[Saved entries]

====================

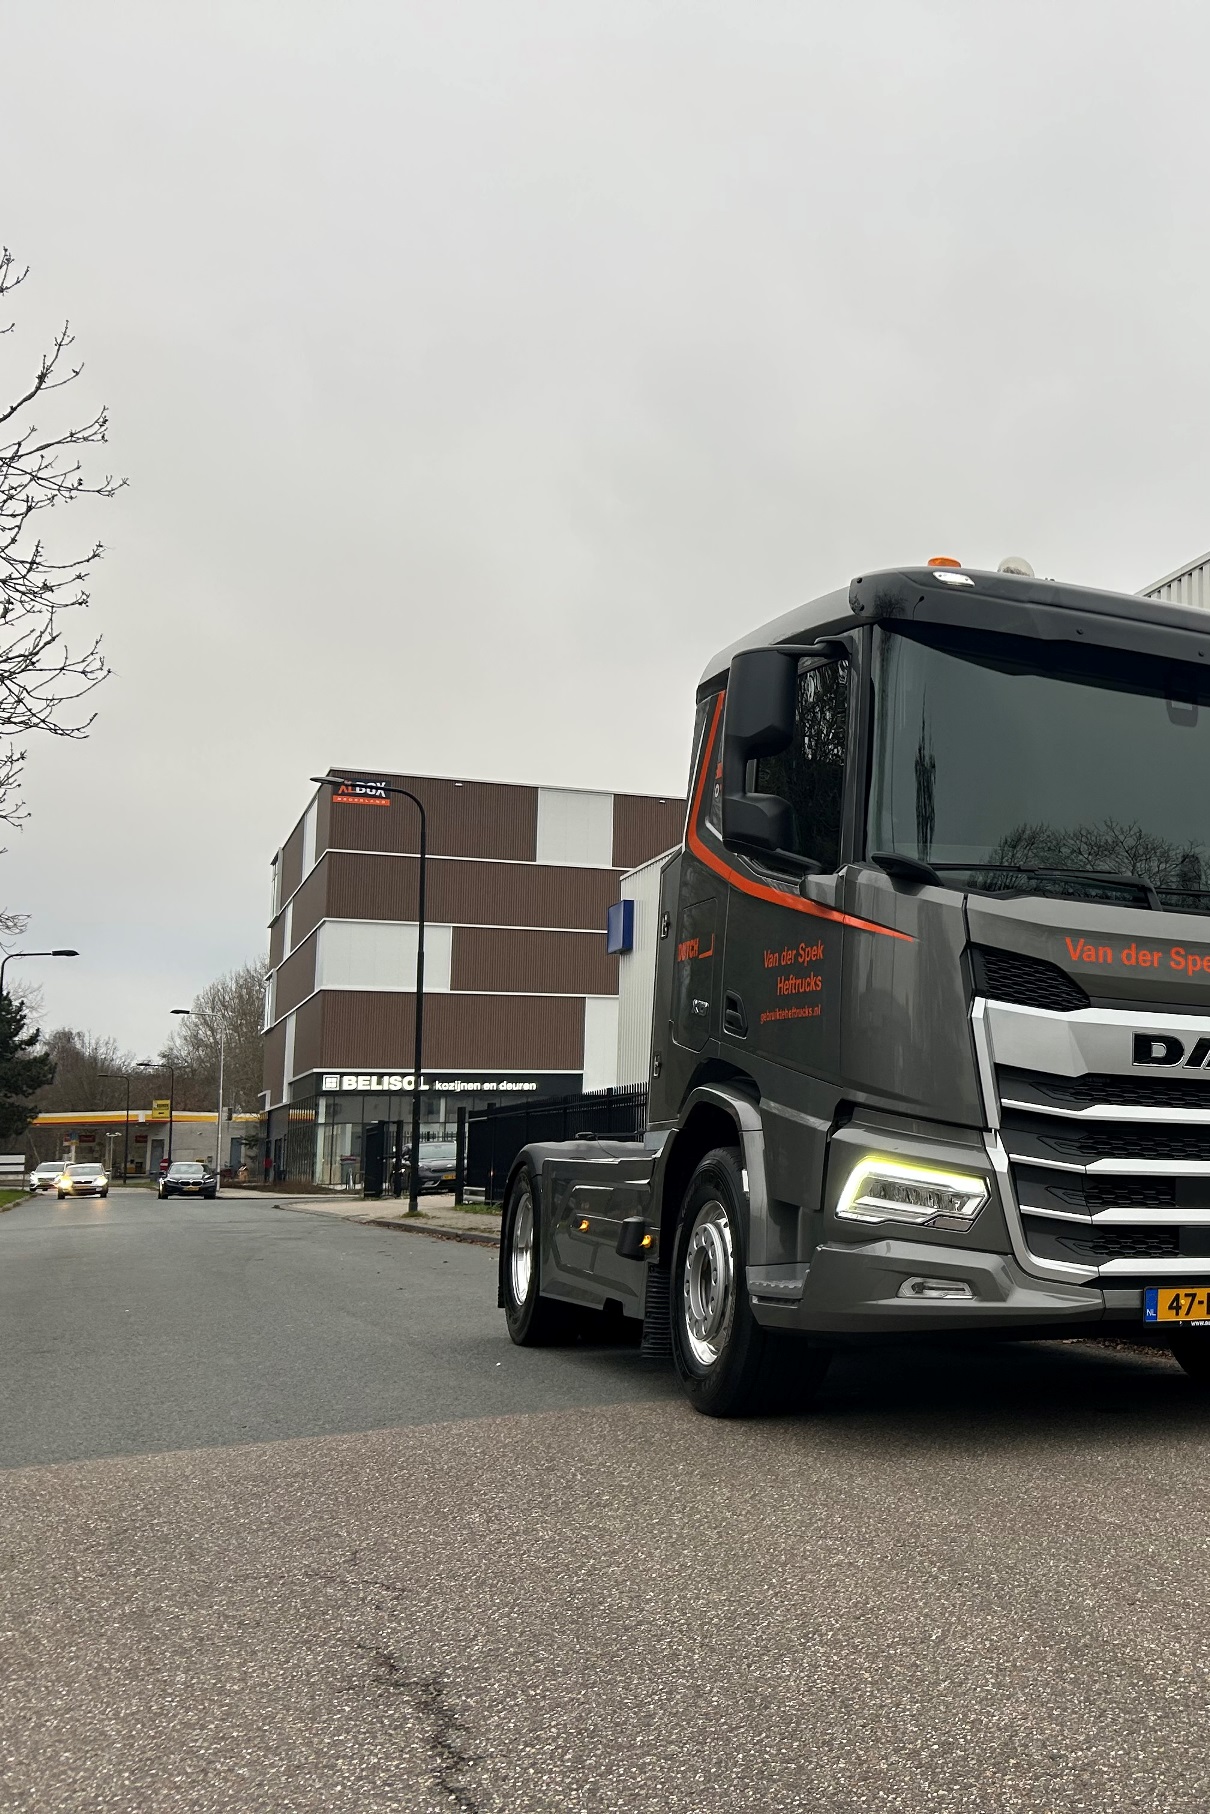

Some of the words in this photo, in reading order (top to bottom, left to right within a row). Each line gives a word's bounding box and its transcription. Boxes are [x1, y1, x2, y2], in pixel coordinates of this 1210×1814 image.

[764, 949, 779, 968] Van
[780, 946, 797, 966] der
[797, 940, 824, 966] Spek
[1065, 936, 1114, 964] Van
[1120, 942, 1163, 968] der
[777, 972, 822, 996] Heftrucks
[341, 1075, 430, 1091] BELISOL
[434, 1080, 481, 1093] kozijnen
[482, 1082, 497, 1091] en
[498, 1081, 537, 1091] deuren

====================

YOUR INSTRUCTIONS
With the images excluded, reproduce the data above precisely as written.

COMPLETED TASK
Some of the words in this photo, in reading order (top to bottom, left to right within a row). Each line gives a word's bounding box and its transcription. Boxes are [x1, y1, x2, y2], in pixel coordinates of this 1210×1814 image.

[764, 949, 779, 968] Van
[780, 946, 797, 966] der
[797, 940, 824, 966] Spek
[1065, 936, 1114, 964] Van
[1120, 942, 1163, 968] der
[777, 972, 822, 996] Heftrucks
[341, 1075, 430, 1091] BELISOL
[434, 1080, 481, 1093] kozijnen
[482, 1082, 497, 1091] en
[498, 1081, 537, 1091] deuren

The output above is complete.